RECORDS SHOWN:
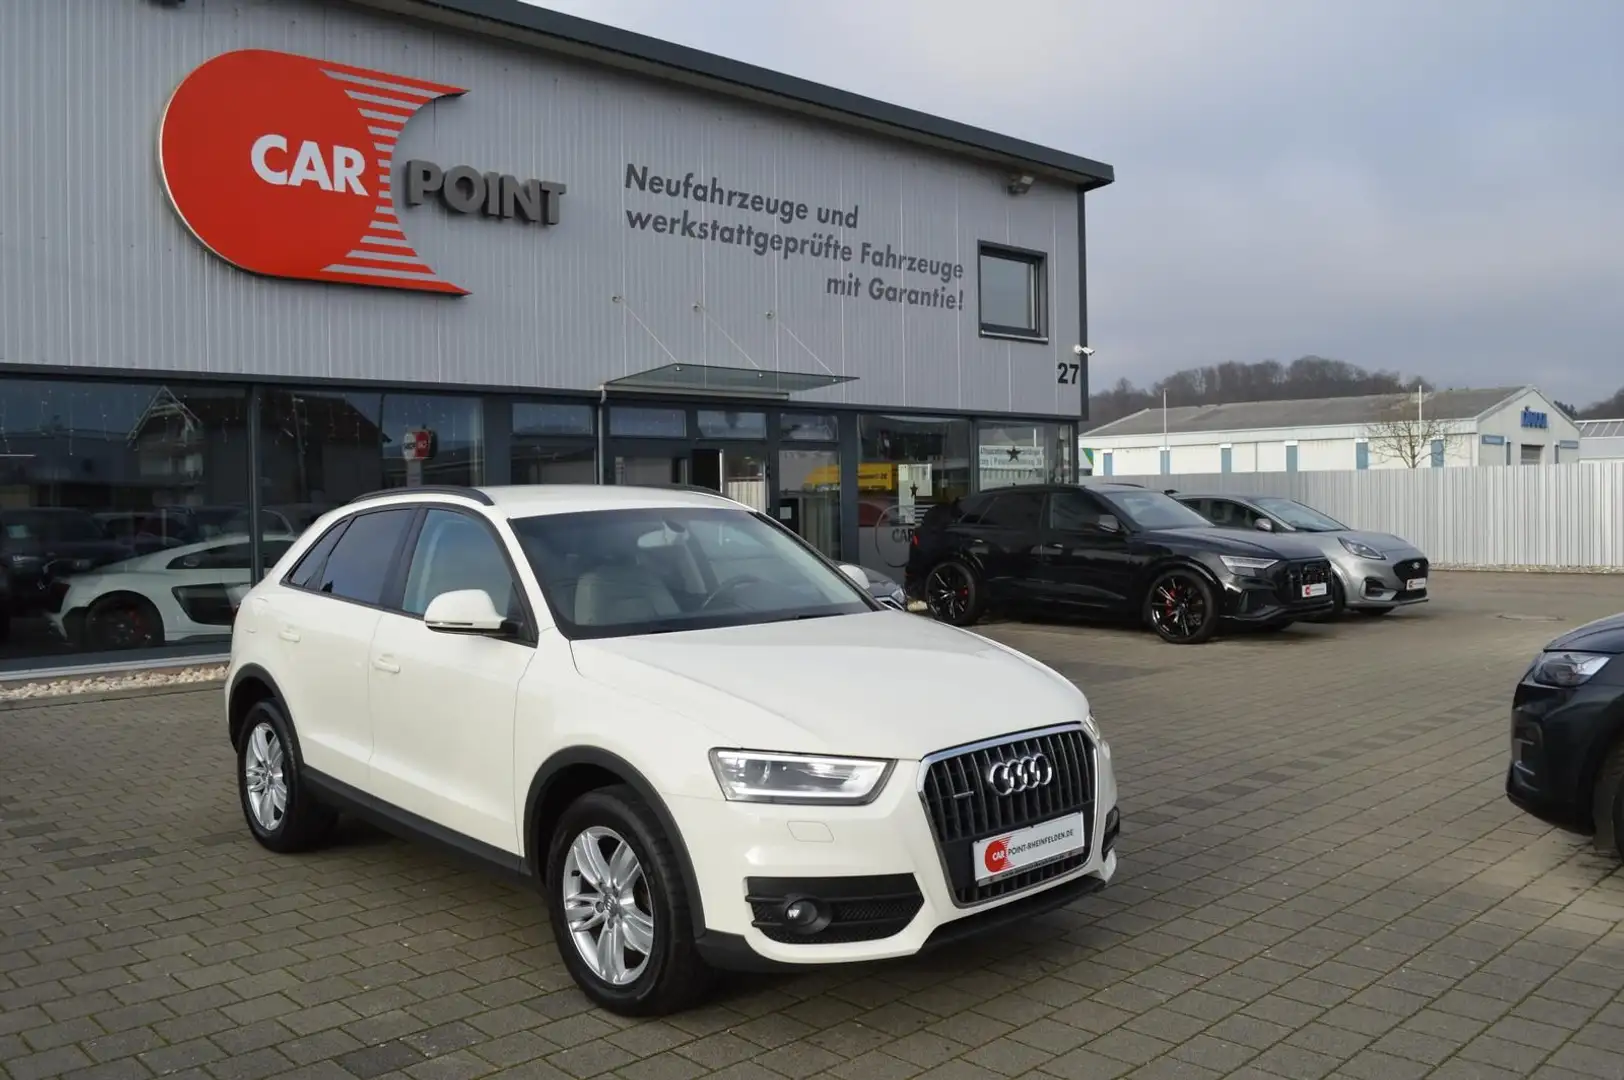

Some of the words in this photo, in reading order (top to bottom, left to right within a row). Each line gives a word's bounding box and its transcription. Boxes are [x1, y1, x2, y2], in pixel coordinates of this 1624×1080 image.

[251, 134, 369, 196] CAR
[406, 159, 567, 225] POINT
[625, 163, 809, 223] Neufahrzeuge
[817, 206, 859, 229] und
[626, 209, 853, 260] werkstattgeprüfte
[860, 242, 964, 283] Fahrzeuge
[826, 273, 861, 298] mit
[868, 278, 964, 311] Garantie!
[1057, 362, 1080, 385] 27
[992, 850, 1005, 862] CAR
[1007, 828, 1074, 856] POINT-RHEINFELDEN.DE
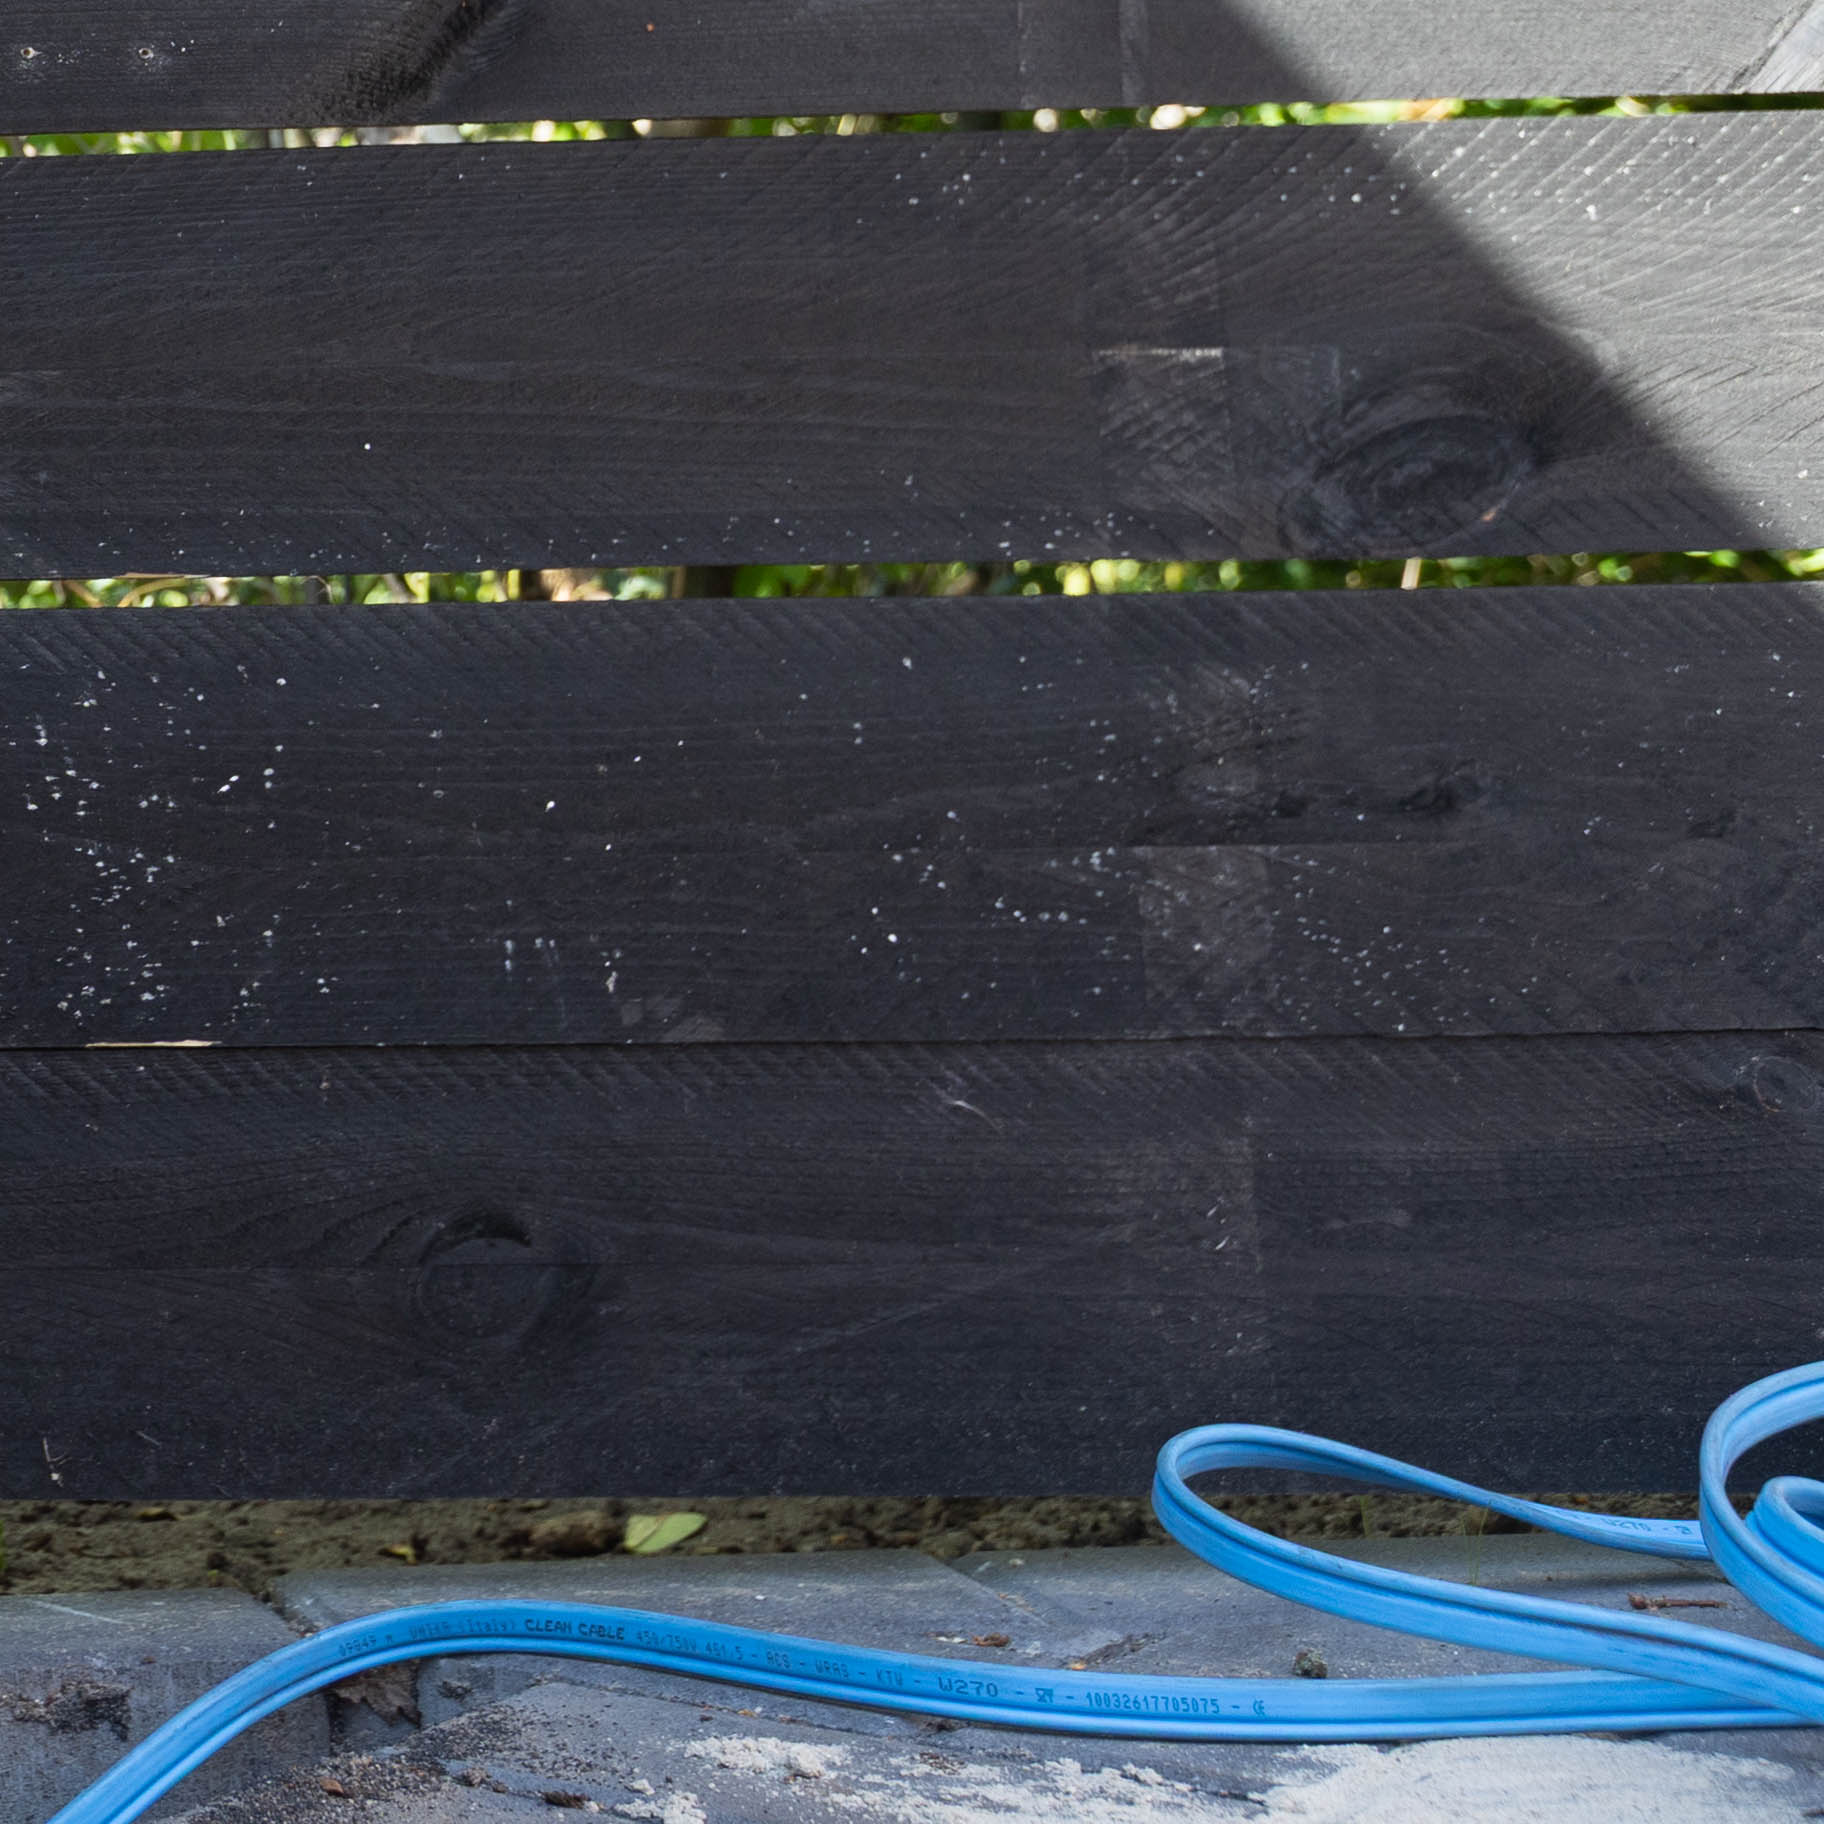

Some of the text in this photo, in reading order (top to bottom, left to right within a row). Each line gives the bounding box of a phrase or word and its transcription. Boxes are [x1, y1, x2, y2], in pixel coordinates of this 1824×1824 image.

PROBLEM STATEMENT: Set the listing down verbatim, excluding pictures.

RESPONSE:
Some of the words in this photo, in reading order (top to bottom, left to right within a row). Each line gives a word's bounding box and its transcription. Boxes are [x1, y1, x2, y2], in pixel coordinates of this 1624×1080 image.

[251, 134, 369, 196] CAR
[406, 159, 567, 225] POINT
[625, 163, 809, 223] Neufahrzeuge
[817, 206, 859, 229] und
[626, 209, 853, 260] werkstattgeprüfte
[860, 242, 964, 283] Fahrzeuge
[826, 273, 861, 298] mit
[868, 278, 964, 311] Garantie!
[1057, 362, 1080, 385] 27
[992, 850, 1005, 862] CAR
[1007, 828, 1074, 856] POINT-RHEINFELDEN.DE

Some of the text in this photo, in reading order (top to bottom, left to right within a row). Each line gives the bounding box of a phrase or word and its transcription. Boxes are [x1, y1, x2, y2], in pixel coordinates of this 1824×1824 image.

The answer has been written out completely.